Kapitel 1
1993
Stephen Armstrong hatte sich immer für einen anständigen Kerl gehalten. Die Einsicht, von einem Geheimnis zu wissen, das ihn sein Leben kosten könnte, überraschte ihn daher ziemlich. Er grübelte gerade darüber nach, als Archie Sinclair die Stimme hob, um das Radio zu übertönen.
»Während einer Ermittlung auf einem Friedhof in West Belfast heute am späten Vormittag wurde ein als Grab getarntes Waffenlager entdeckt. Die Polizei erklärte, bei den gefundenen Waffen handele es sich unter anderem um eine abgesägte Schrotflinte, zwei Handfeuerwaffen und ein automatisches Gewehr.«
»Das war einfach grandios, als der Typ sich in Metall verwandelt hat und all das. Ich sag dir, in Zukunft wird es vor allem Comic- Verfilmungen geben.« Stephen blickte durch das Schaufenster von East-End-Video auf den vorbeiströmenden Feierabendverkehr und hinüber zum Ormeau Park auf der gegenüberliegenden Straßenseite. Es war ein schöner Nachmittag im Februar und noch immer nicht dunkel, dabei war es schon beinahe halb fünf. Schmale Lichtstreifen fielen durch die kahlen Bäume und warfen ein blassgoldenes Streifenmuster auf die Spazierwege. »Der war eindeutig besser als dieser andere Film, den du mir empfohlen hast. Ich interessiere mich eigentlich nicht für Science- Fiction, aber wenn Arnie mitspielt, kann’s eigentlich nicht schlecht sein, oder?«
»Die Polizei ermittelt im Fall einer Schießerei in einer Taxi-Firma an der unteren Newtownards Road in East Belfast, die sich heute Nachmittag ereignet hat.«
Wenn er die Augen zusammenkniff, konnte Stephen hinter den Baumwipfeln das Ashby-Hochhaus der Queen’s University an der Stranmillis Road erkennen. Er fragte sich, ob Donal vielleicht dort herumhing und in der Studenten-Cafeteria einen Espresso trank. Donal hatte gestern Abend erwähnt, er würde Maschinenbau oder etwas in der Art studieren, und Stephen hatte so eine Ahnung, dass der Fachbereich sich im Ashby-Gebäude befinden könnte. Auch wenn er noch nie in seinem Leben eine Universität betreten hatte.

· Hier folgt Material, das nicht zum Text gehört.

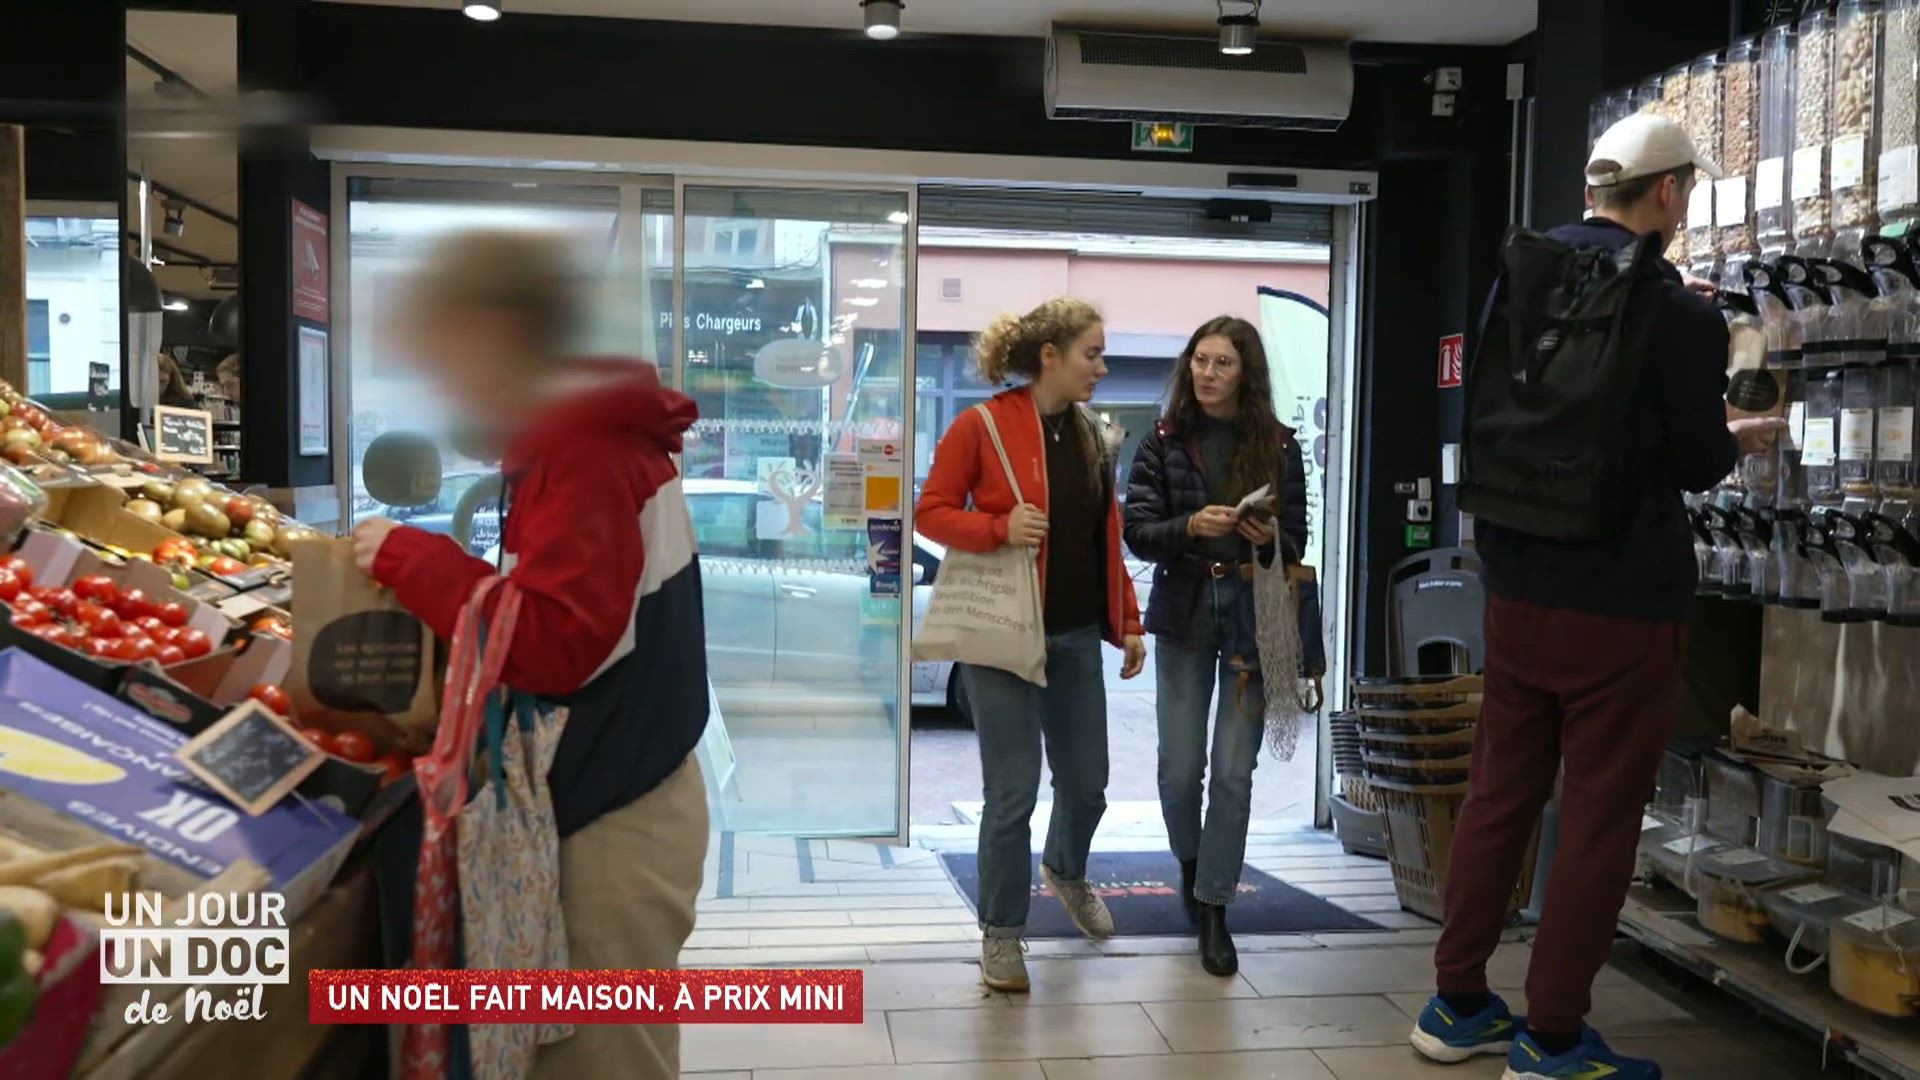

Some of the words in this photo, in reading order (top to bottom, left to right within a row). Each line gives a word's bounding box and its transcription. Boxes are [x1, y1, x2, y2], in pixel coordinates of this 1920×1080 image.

[660, 312, 690, 329] Pis
[696, 313, 762, 335] Chargeurs
[66, 800, 223, 875] ENDIVES
[134, 790, 239, 843] OK
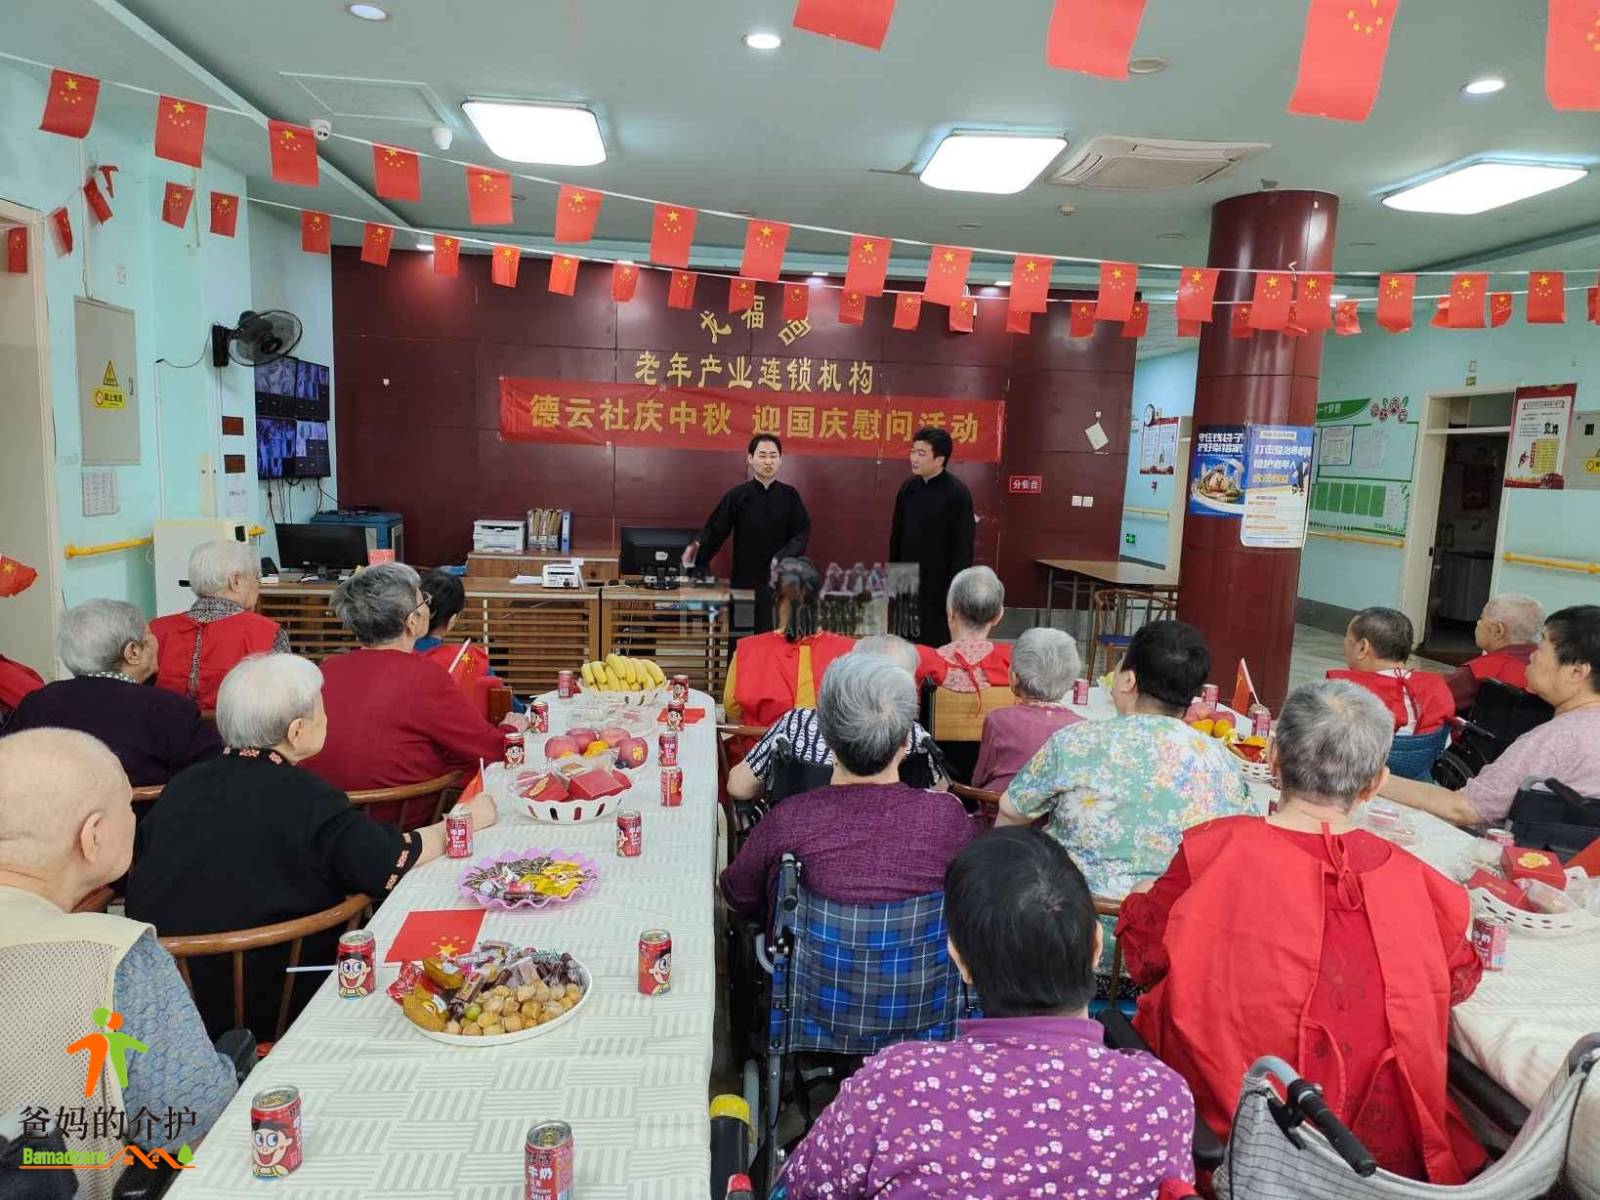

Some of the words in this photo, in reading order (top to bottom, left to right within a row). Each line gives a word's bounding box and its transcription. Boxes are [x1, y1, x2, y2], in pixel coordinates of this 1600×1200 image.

[634, 351, 874, 395] 老年产业连锁机构
[530, 394, 732, 436] 德云社庆中秋
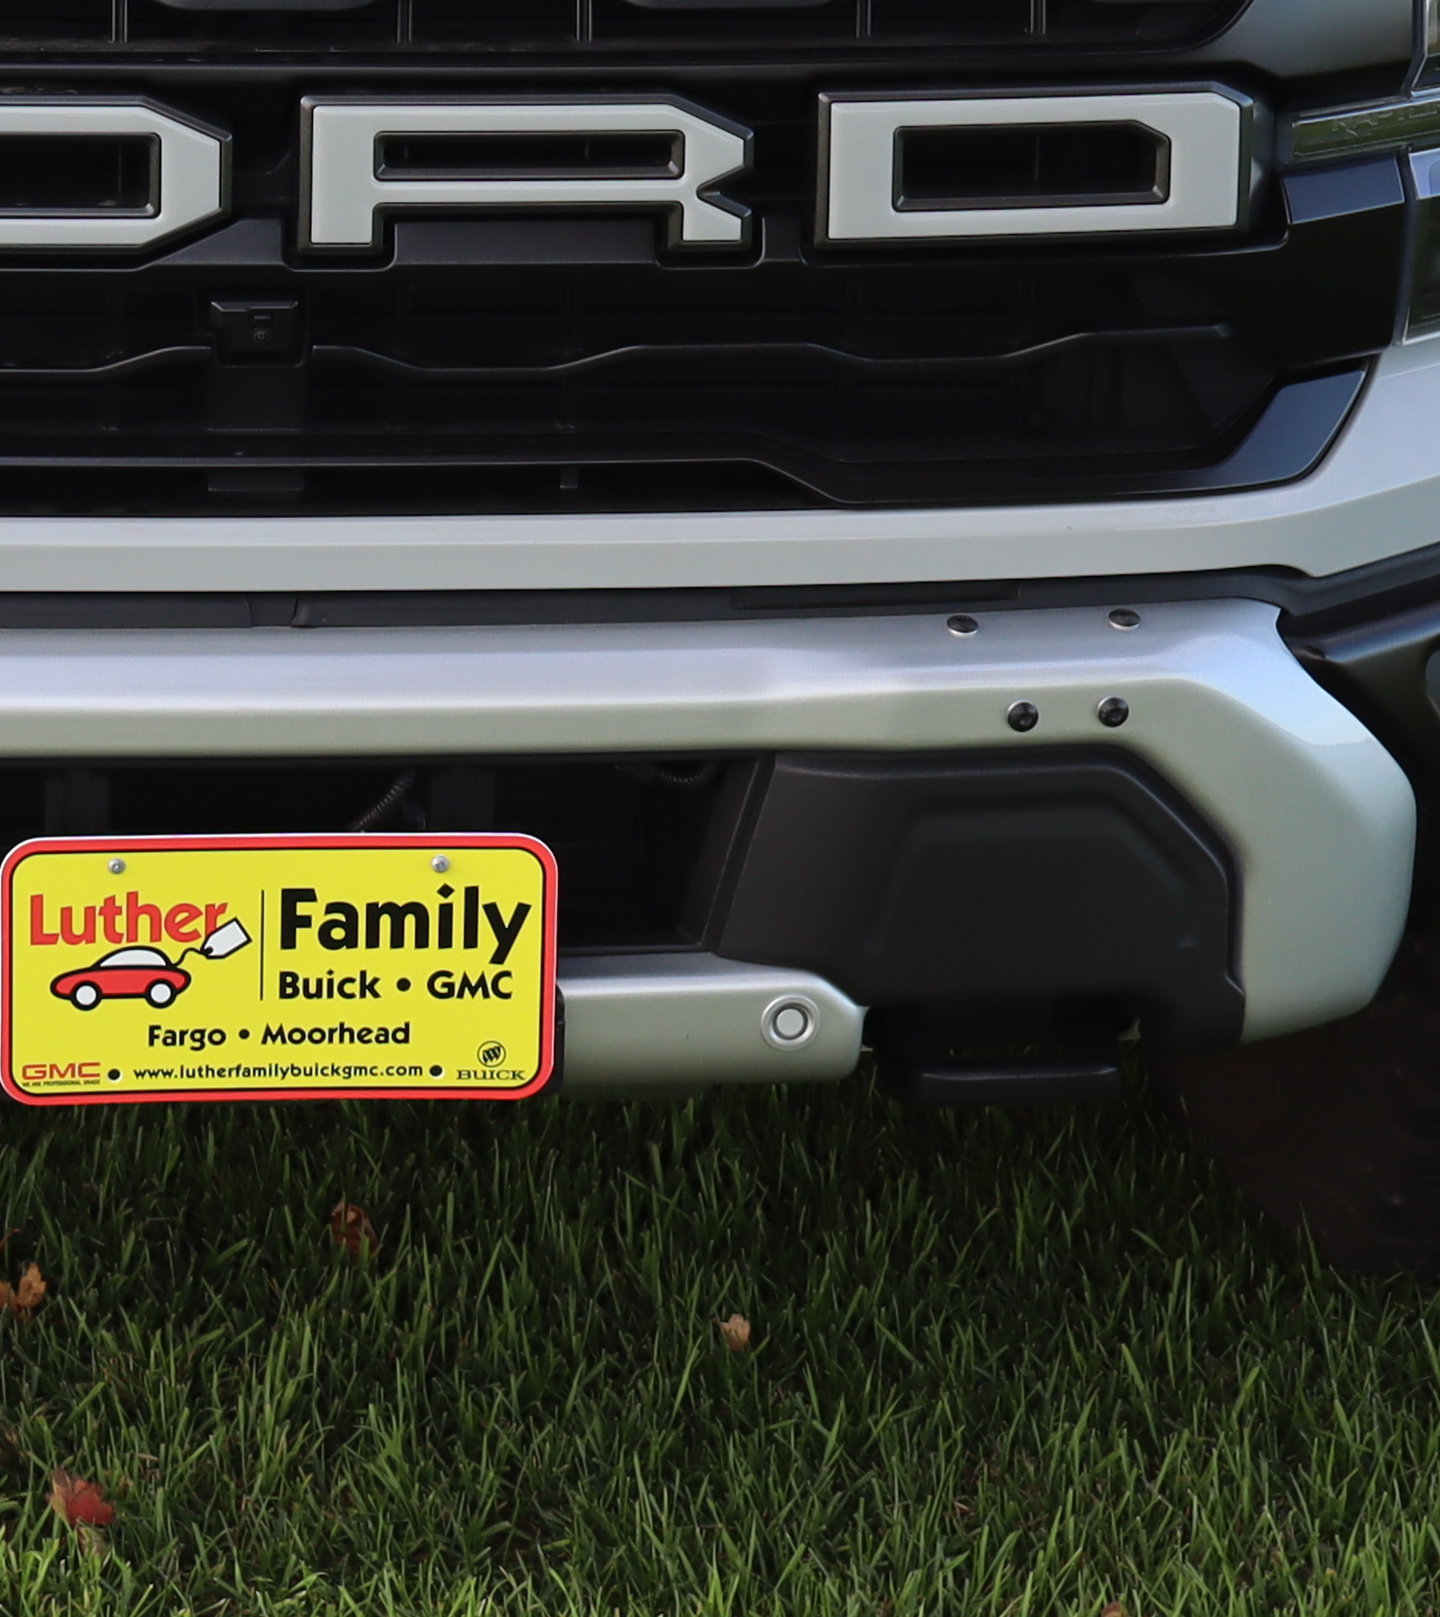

»In der vergangenen Nacht wurden im Market Quarter Schüsse auf einen katholischen Mann abgegeben. Er wurde am Kopf getroffen und starb wenig später im Krankenhaus. Die Kriminalpolizei vermutet, dass die Ulster Volunteer Force für den Anschlag verantwortlich ist …«
»Wee Minty behauptet, der Typ, der den Bösen spielt, soll angeblich schwul sein, aber ich meine, dass ist totaler Schwachsinn. Der ist doch viel zu brutal für einen Homo.« Oje, wenn du wüsstest, dachte Stephen. Tag für Tag saß er hier auf diesem hohen Hocker hinter dem Tresen des Videoverleihs und wurde von allen als harter Bursche angesehen. Er war groß und ziemlich kräftig, hatte im Laufe der Jahre einige handfeste Auseinandersetzungen durchgefochten und hübsche Narben davongetragen.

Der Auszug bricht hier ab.